Three concurring judges, all urging en banc review of the decision they felt forced to deliver because
of binding (and dubious) Ninth precedent.
A rare
concurring opinion – and hopefully not the end for this decision of first
impression.
United States v. Chandler, 2014 WL 644698 (9th Cir. Feb. 20,
2013), decision available here.
Players: Per curiam decision by Judges
Bybee and Tashima and District Judge Wood.
Facts: Chandler plead open to a Section
922(g) charge. Id. at *1. He had
three Nevada priors: second degree kidnapping, coercion, and conspiracy to
commit robbery. Id. Over defense
objection, the district court found that all three priors were “violent
felonies” under the Armed Career Criminal Act (ACCA) and sentenced Chandler to 235 months imprisonment. Id.
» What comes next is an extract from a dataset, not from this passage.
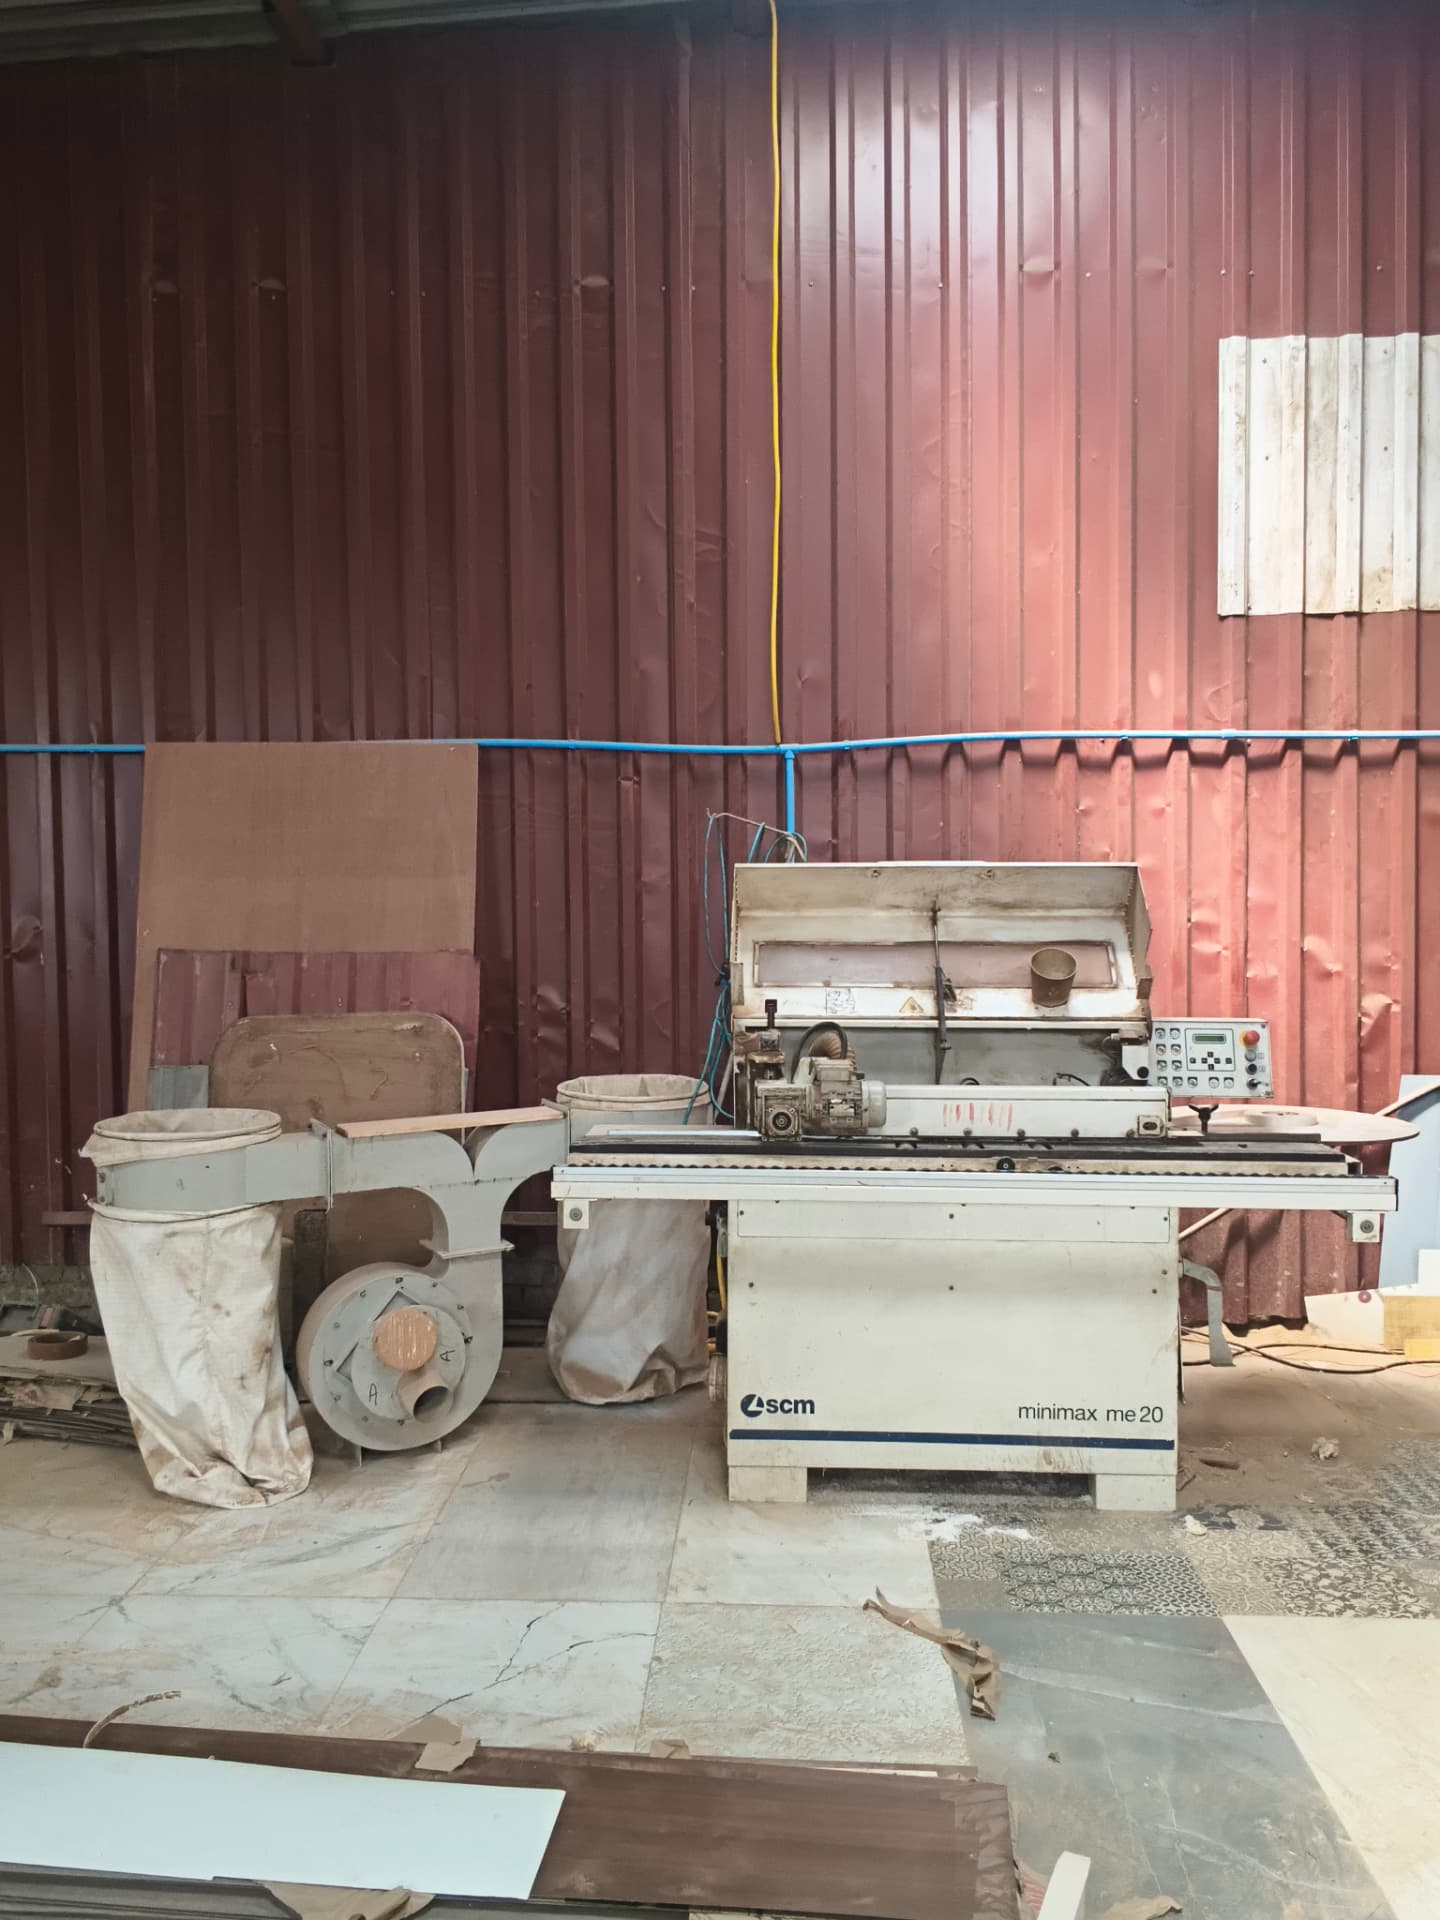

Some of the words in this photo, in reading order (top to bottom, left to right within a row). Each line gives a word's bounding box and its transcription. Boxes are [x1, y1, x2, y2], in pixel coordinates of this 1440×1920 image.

[368, 1383, 378, 1406] A
[766, 1399, 815, 1414] scm
[1018, 1402, 1098, 1421] minimax
Issue(s): “We have not previously considered
whether conspiracy to commit robbery is a violent felony.” Id. at *3. [ ] [W]e consider whether conspiracy to commit robbery
under Nevada law is a ‘violent felony’ as that term is defined in § 924(e)(2)(B)(ii).” Id.
Held: “A
Nevada conviction for robbery is a violent felony because it creates a serious
risk of harm that is comparable to the risk posed by burglary [an enumerated
offense in the ACCA definition of ‘crime of violence.’] And because after [the
Ninth Circuit’s] decision in Mendez,
the § 924(e) analysis of a prior conspiracy conviction is governedt by the
substantive offense that was the object of the conspiracy, . . . conspiracy to
commit robbery, pursuant to Nev. Rev. Stat. §§ 199.480, 200.238, is also a
‘violent felony’ under the ACCA’s residual clause.” Id. at *6 (internal quotations and citation omitted).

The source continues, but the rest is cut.